Libre albedrío y “libertad condicional”

No elegimos ni siquiera los pensamientos ni los sentimientos. En nuestra vida, el determinismo es casi total

Podíamos comenzar preguntando si el ser humano es auténticamente libre. Según mi opinión, somos libres, si lo somos, siempre dentro de unos límites. En otras palabras, podríamos decir que somos unos actores que representamos una obra de acuerdo con un guión preestablecido, con muy poca posibilidad de improvisación. Cuando, hace más 40 años, se casó un amigo nuestro con una chica de Ibarra, en la ermita de Izaskun, me hicieron mucha gracia las palabras del sacerdote oficiante: “La voluntad de Dios se ha encargado de unir en el altar a P. (nombre del chico) y L. (nombre de la chica) y acuden con plena libertad a recibir el santo sacramento del matrimonio”.

Para entonces yo ya había empezado a dar la “segunda vuelta” a muchas cosas. Recuerdo que hice el siguiente comentario entre los amigos: “Si  ha decidido Dios esta unión, eso significa que no han acudido con plena liberdad”. Y luego añadí: “Si no hubiera habido servicio de autobús desde nuestro pueblo a Tolosa los domingos, es muy probable que ni siquiera se habrían conocido”. “¡Cómo eres!, no sé lo que hay en esa cabeza tuya”, me decían los amigos.

La libertad es muy relativa: no elegimos ni los padres, ni los hijos; en la elección el cónyuge intervienen un sinfín de circunstancias; no elegimos ni el lugar del nacimiento, ni el país, ni la lengua y la cultura… No elegimos ni siquiera los pensamientos  ni los sentimientos.

En cierta ocasión, el versolari Egaña dijo al versolari Olaso: “Tú no piensas, tú tienes ocurrencias”. Salvando la ingeniosa ironía de Egaña, en realidad “no pensamos” ni Olaso ni ninguno de nosotros. Los pensamientos y los sentimientos aparecen en nuestra Consciencia sin previo aviso y sin ningún consentimiento nuestro. Y se van tal como vienen.

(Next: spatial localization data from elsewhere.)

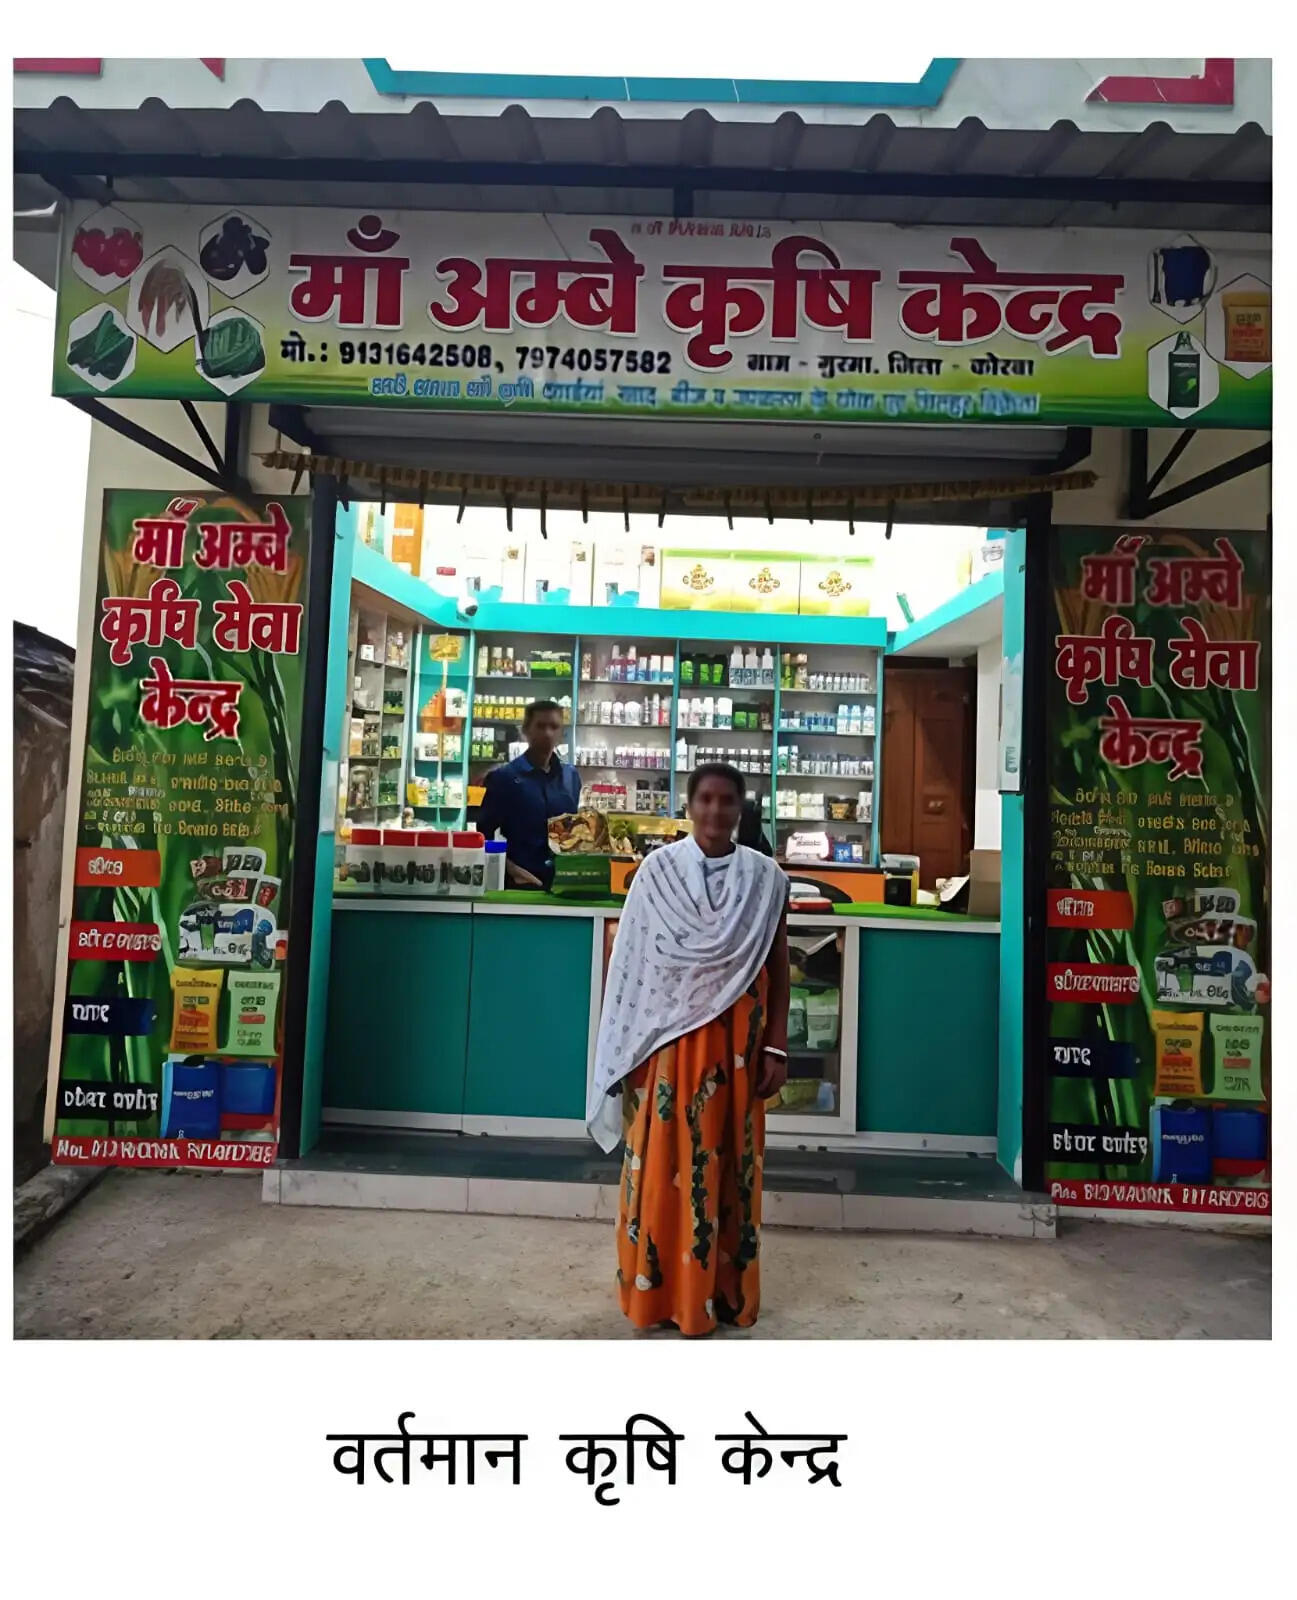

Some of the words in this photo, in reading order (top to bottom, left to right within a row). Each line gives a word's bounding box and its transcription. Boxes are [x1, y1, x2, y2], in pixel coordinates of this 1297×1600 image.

[428, 229, 645, 334] अम्बे
[662, 235, 881, 370] कृषि
[898, 237, 1125, 356] केन्द्र
[516, 346, 672, 374] 7974057582
[213, 580, 303, 654] सेवा
[1168, 617, 1260, 690] सेवा

De cualquier forma, suceden cosas muy curiosas con el pensamiento (puede probar cualquiera de nosotros). Si intentamos observar con plena atención un pensamiento que debería instalarse en nuestra mente, no aparece ningún pensamiento. Si dejamos de observar, comenzará un desfile interminable de pensamientos. No es posible querer observar un pensamiento y pensar, al mismo tiempo.

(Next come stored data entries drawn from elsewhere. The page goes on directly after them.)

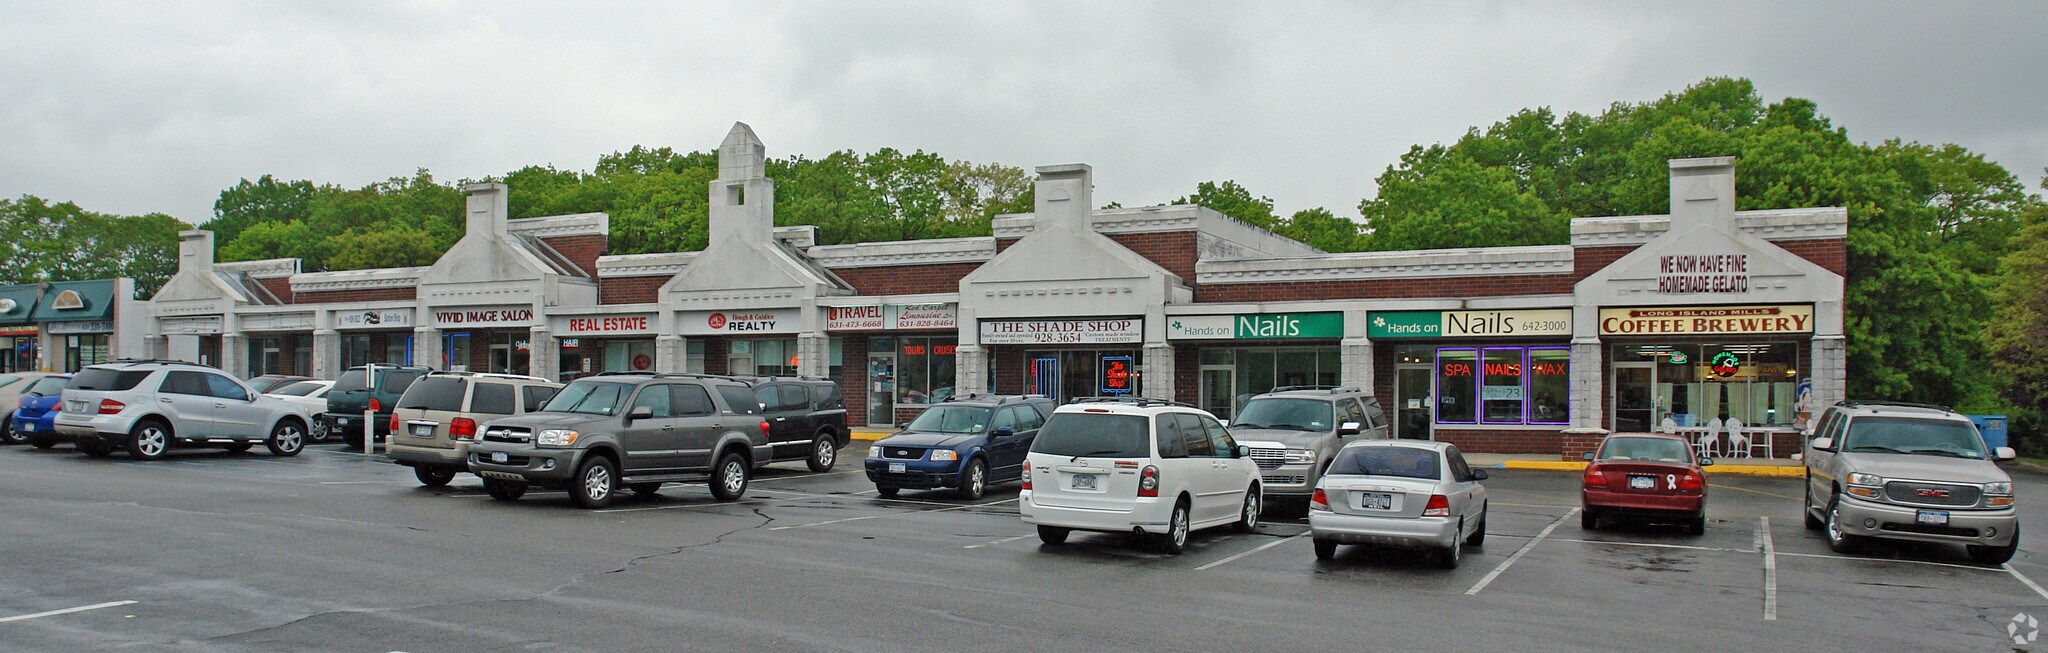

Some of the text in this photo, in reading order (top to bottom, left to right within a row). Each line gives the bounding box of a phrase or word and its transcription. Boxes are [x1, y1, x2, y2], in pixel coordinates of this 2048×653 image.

[1660, 254, 1747, 273] WE NOW HAVE FINE
[1659, 275, 1748, 293] HOMEMADE GELATO
[922, 304, 949, 312] Carpet
[1679, 309, 1727, 317] ISLAND
[436, 308, 533, 323] VIVID IMAGE SALON
[899, 311, 941, 320] Limousine
[569, 316, 647, 332] REAL ESTATE
[728, 321, 776, 331] REALTY
[990, 320, 1131, 333] THE SHADE SHOP
[1184, 315, 1300, 337] Hands on Nails
[1387, 312, 1567, 334] Hands on Nails 642-3000
[1602, 314, 1809, 334] COFFEE BREWERY
[563, 339, 579, 347] HAIR
[904, 345, 925, 355] TOURS
[1111, 361, 1124, 370] The
[1444, 363, 1472, 377] SPA
[1485, 363, 1522, 377] NAILS
[1534, 362, 1566, 376] WAX
[1108, 378, 1125, 388] Shop
[1916, 489, 1950, 498] GMC

Llegado a este punto, quiero formular una serie de preguntas a fin de promover a la reflexión. ¿Estáis seguros de que los alimentos que tomamos, el desodorante que compramos, el sitio que elegimos para pasar las vacaciones, la dieta para adelgazar, la ropa que nos ponemos, nuestra ideología y los valores cívicos y religiosos (por ejemplo, el ecologismo) elegimos con total y plena libertad? ¿Estáis seguros de que una discusión (al margen la política) entre los amigos o una noche de parranda (estoy exagerando adrede) no influyó a que algunos se quedasen en la Mesa de Alsasua y otros empezásemos a pertenecer a EIA?

Y volviendo al inicio del párrafo, debo confesar que yo me visto de acuerdo con la mujer que “elegí” para compartir la vida, y ¿quién sabe si ella no está influenciada por los anuncios de la televisión? La mayoría de las cosas no las elegimos, las aceptamos; y a posteriori, después de un proceso, decimos que las hemos elegido.